» **Work request**
Everything in the listing should be transcribed exactly, apart from the pictures.

» **Dataset records**
========================================================================

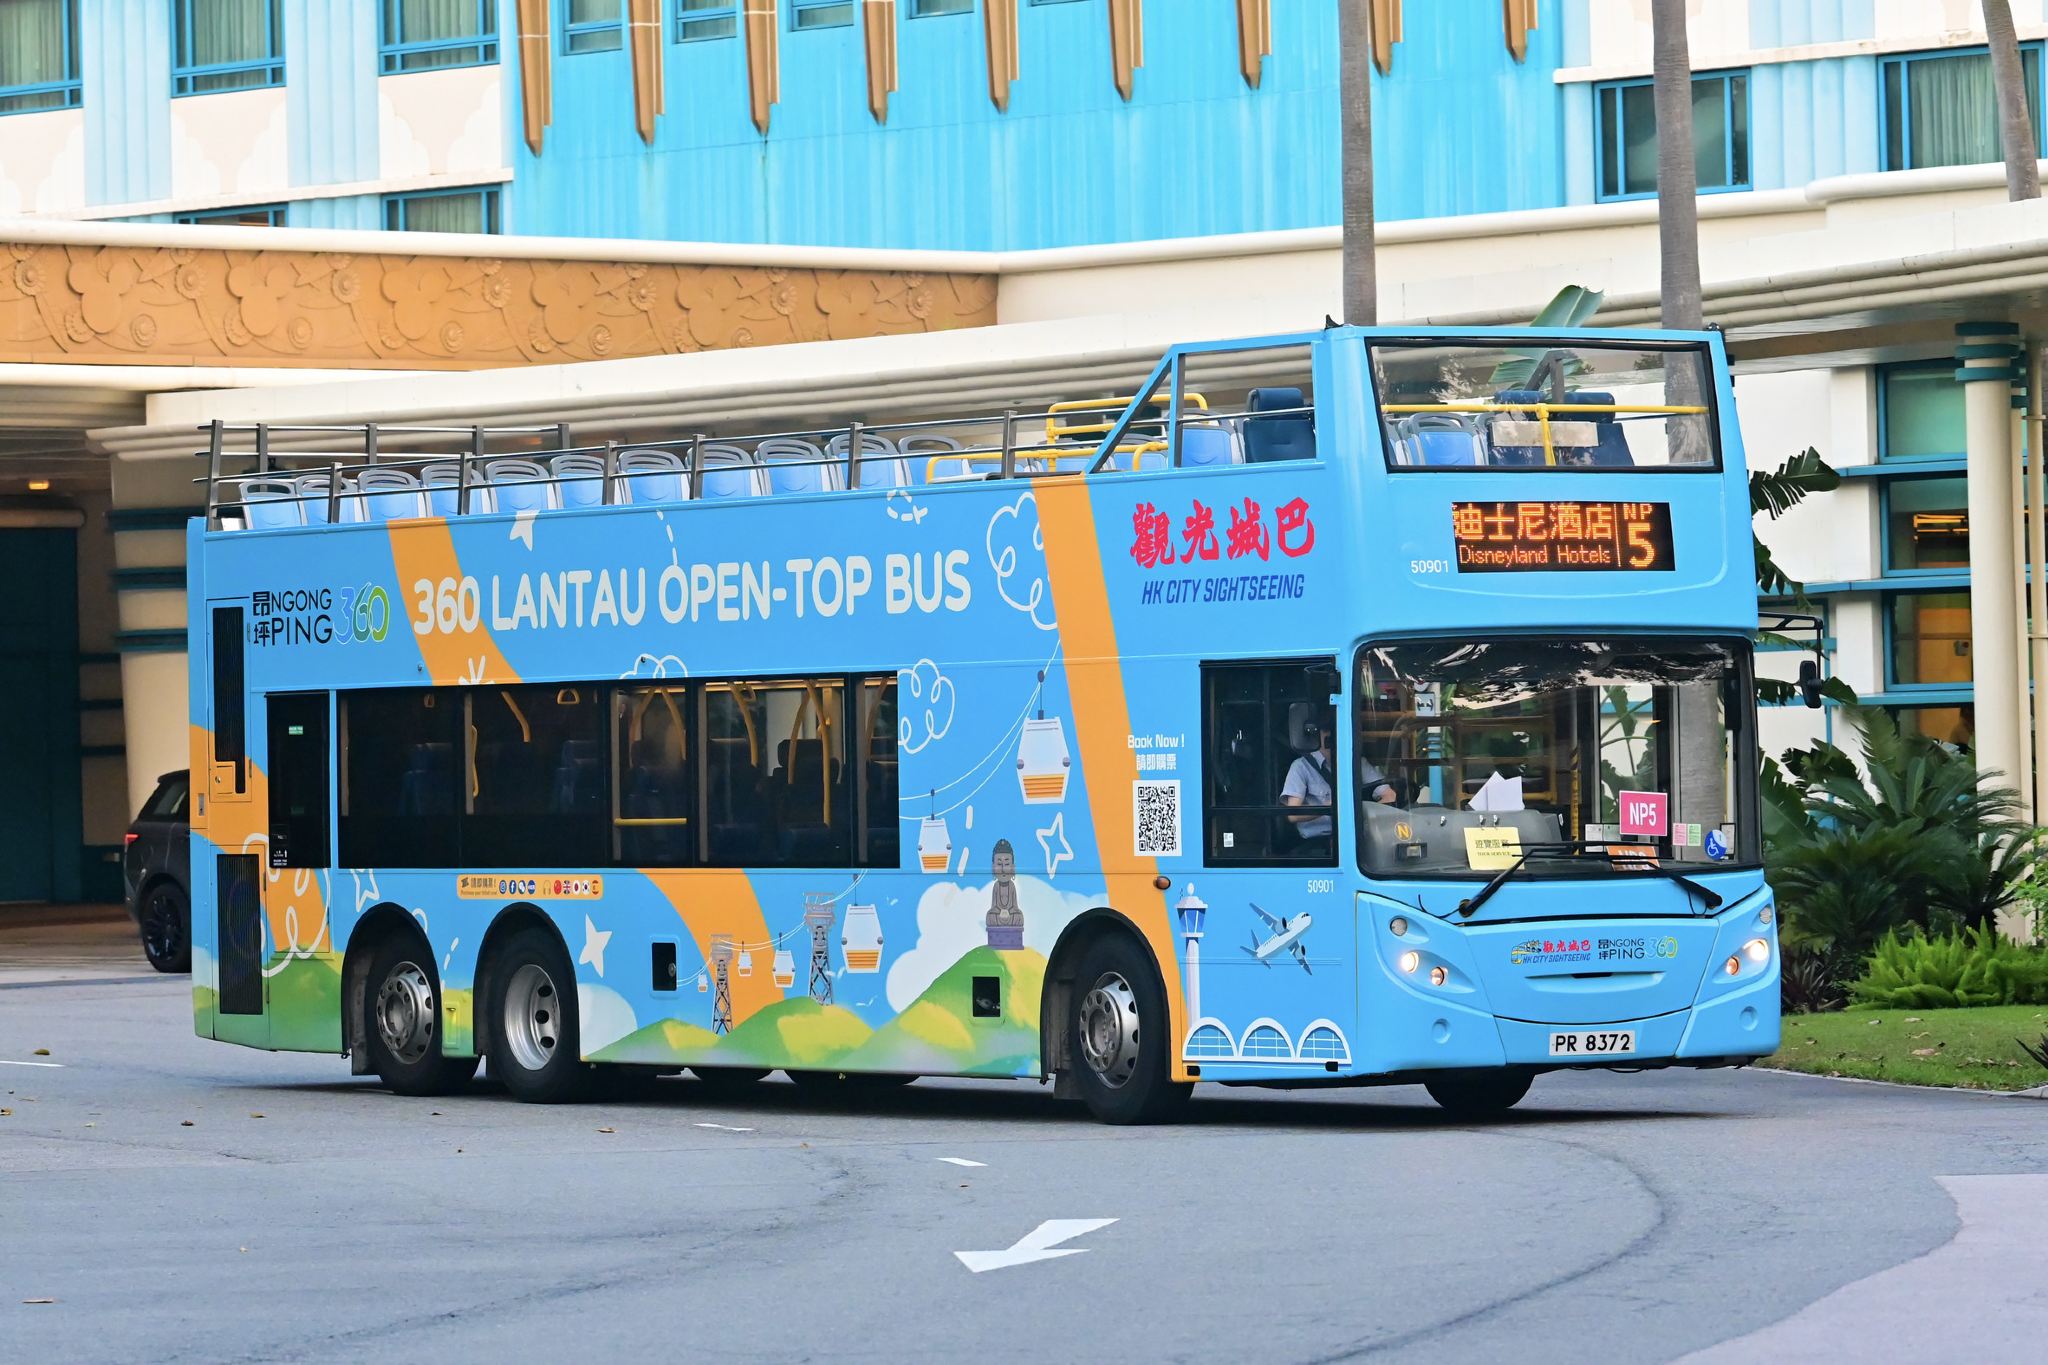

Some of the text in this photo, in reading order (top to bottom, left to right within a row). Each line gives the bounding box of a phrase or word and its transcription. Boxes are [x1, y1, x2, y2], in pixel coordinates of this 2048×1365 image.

[1452, 503, 1612, 540] 迪士尼酒店
[1623, 503, 1653, 520] NP
[1130, 497, 1315, 569] 觀光城巴
[1629, 522, 1655, 567] 5
[1410, 560, 1449, 574] 50901
[1459, 545, 1611, 568] Disneyland Hotels
[271, 588, 332, 613] NGONG
[413, 549, 971, 636] 360 LANTAU OPEN-TOP BUS
[1141, 573, 1305, 605] HK CITY SIGHTSEEING
[333, 582, 390, 645] 360
[271, 614, 333, 646] PING
[1127, 734, 1153, 748] Book
[1629, 802, 1657, 826] NP5
[1307, 879, 1334, 894] 50901
[1609, 938, 1645, 947] NGONG
[1609, 947, 1645, 960] PING
[1533, 954, 1550, 963] CITY
[1549, 952, 1591, 962] SIGHTSEEING
[1555, 1034, 1630, 1052] PR 8372

========================================================================

» **Response**
Some of the text in this photo, in reading order (top to bottom, left to right within a row). Each line gives the bounding box of a phrase or word and its transcription. Boxes are [x1, y1, x2, y2], in pixel coordinates of this 2048×1365 image.

[1452, 503, 1612, 540] 迪士尼酒店
[1623, 503, 1653, 520] NP
[1130, 497, 1315, 569] 觀光城巴
[1629, 522, 1655, 567] 5
[1410, 560, 1449, 574] 50901
[1459, 545, 1611, 568] Disneyland Hotels
[271, 588, 332, 613] NGONG
[413, 549, 971, 636] 360 LANTAU OPEN-TOP BUS
[1141, 573, 1305, 605] HK CITY SIGHTSEEING
[333, 582, 390, 645] 360
[271, 614, 333, 646] PING
[1127, 734, 1153, 748] Book
[1629, 802, 1657, 826] NP5
[1307, 879, 1334, 894] 50901
[1609, 938, 1645, 947] NGONG
[1609, 947, 1645, 960] PING
[1533, 954, 1550, 963] CITY
[1549, 952, 1591, 962] SIGHTSEEING
[1555, 1034, 1630, 1052] PR 8372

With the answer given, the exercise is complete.